[Data under study — start]

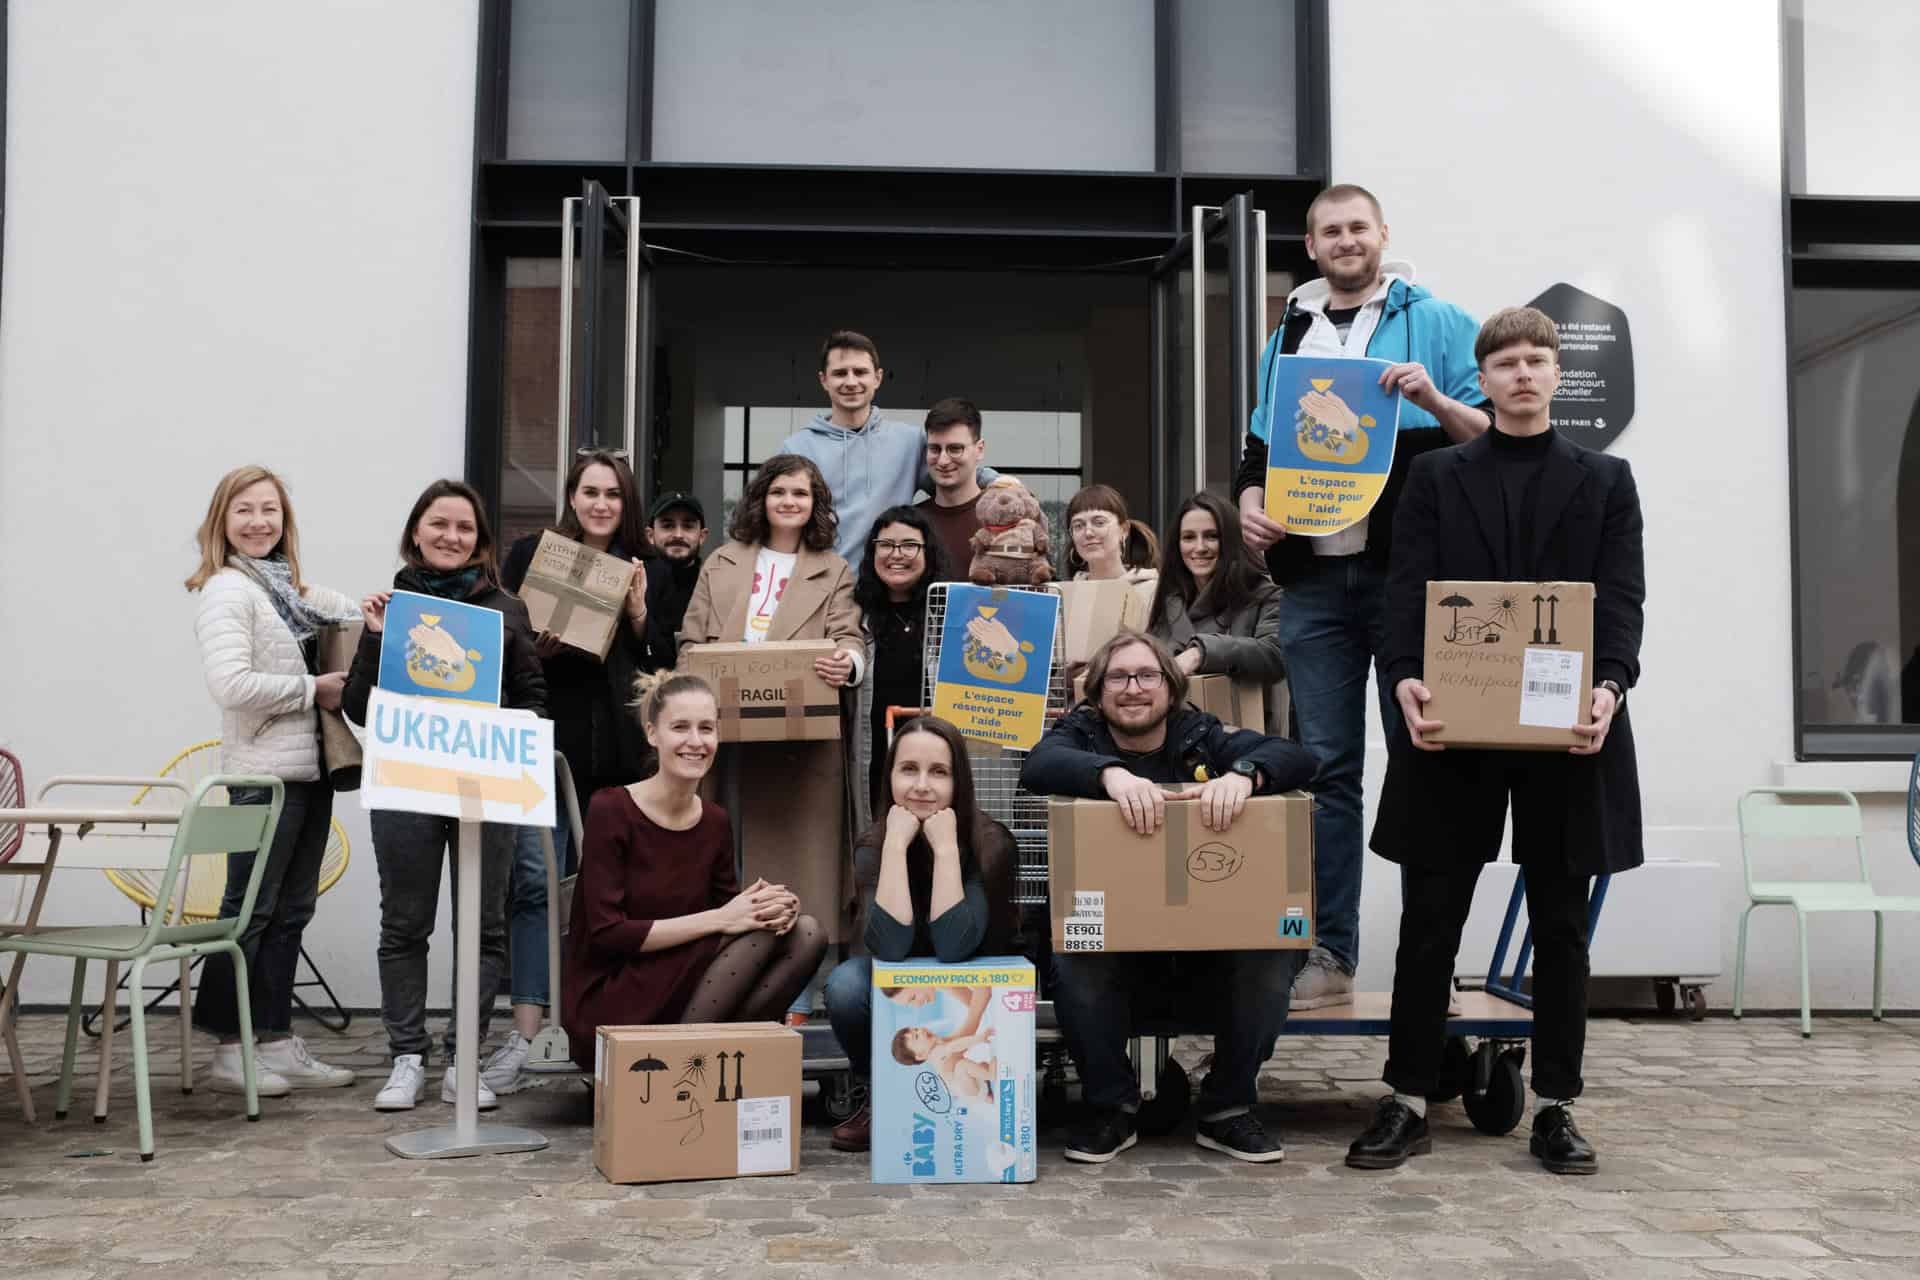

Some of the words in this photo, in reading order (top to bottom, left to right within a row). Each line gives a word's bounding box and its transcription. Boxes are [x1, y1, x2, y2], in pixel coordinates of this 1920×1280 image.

[1559, 333, 1584, 341] néreux
[1558, 369, 1597, 379] ondation
[1559, 379, 1607, 388] ettencourt
[1571, 418, 1592, 427] PARIS
[1300, 475, 1356, 488] L'espace
[1287, 487, 1334, 500] réservé
[1338, 493, 1364, 503] pour
[1308, 502, 1342, 513] l'aide
[735, 687, 790, 702] RAGIL
[964, 690, 1015, 705] L'espace
[952, 702, 995, 715] réservé
[998, 708, 1024, 718] pour
[970, 715, 1002, 727] l'aide
[374, 703, 538, 766] UKRAINE
[958, 727, 1019, 742] umanitaire
[1191, 850, 1236, 872] 531
[1065, 925, 1103, 936] T0633
[1283, 919, 1302, 936] M
[1065, 940, 1103, 950] S5388
[893, 974, 949, 984] ECONOMY
[951, 974, 979, 984] PACK
[990, 974, 1009, 983] 180
[1003, 993, 1022, 1012] 4
[953, 1120, 964, 1142] DRY
[912, 1112, 937, 1177] BABY
[953, 1143, 964, 1176] ULTRA

[Data under study — finish]

▸ **Task item**
Please return the material above unchanged, with every picture removed.

▸ **Result**
Some of the words in this photo, in reading order (top to bottom, left to right within a row). Each line gives a word's bounding box and its transcription. Boxes are [x1, y1, x2, y2], in pixel coordinates of this 1920×1280 image.

[1559, 333, 1584, 341] néreux
[1558, 369, 1597, 379] ondation
[1559, 379, 1607, 388] ettencourt
[1571, 418, 1592, 427] PARIS
[1300, 475, 1356, 488] L'espace
[1287, 487, 1334, 500] réservé
[1338, 493, 1364, 503] pour
[1308, 502, 1342, 513] l'aide
[735, 687, 790, 702] RAGIL
[964, 690, 1015, 705] L'espace
[952, 702, 995, 715] réservé
[998, 708, 1024, 718] pour
[970, 715, 1002, 727] l'aide
[374, 703, 538, 766] UKRAINE
[958, 727, 1019, 742] umanitaire
[1191, 850, 1236, 872] 531
[1065, 925, 1103, 936] T0633
[1283, 919, 1302, 936] M
[1065, 940, 1103, 950] S5388
[893, 974, 949, 984] ECONOMY
[951, 974, 979, 984] PACK
[990, 974, 1009, 983] 180
[1003, 993, 1022, 1012] 4
[953, 1120, 964, 1142] DRY
[912, 1112, 937, 1177] BABY
[953, 1143, 964, 1176] ULTRA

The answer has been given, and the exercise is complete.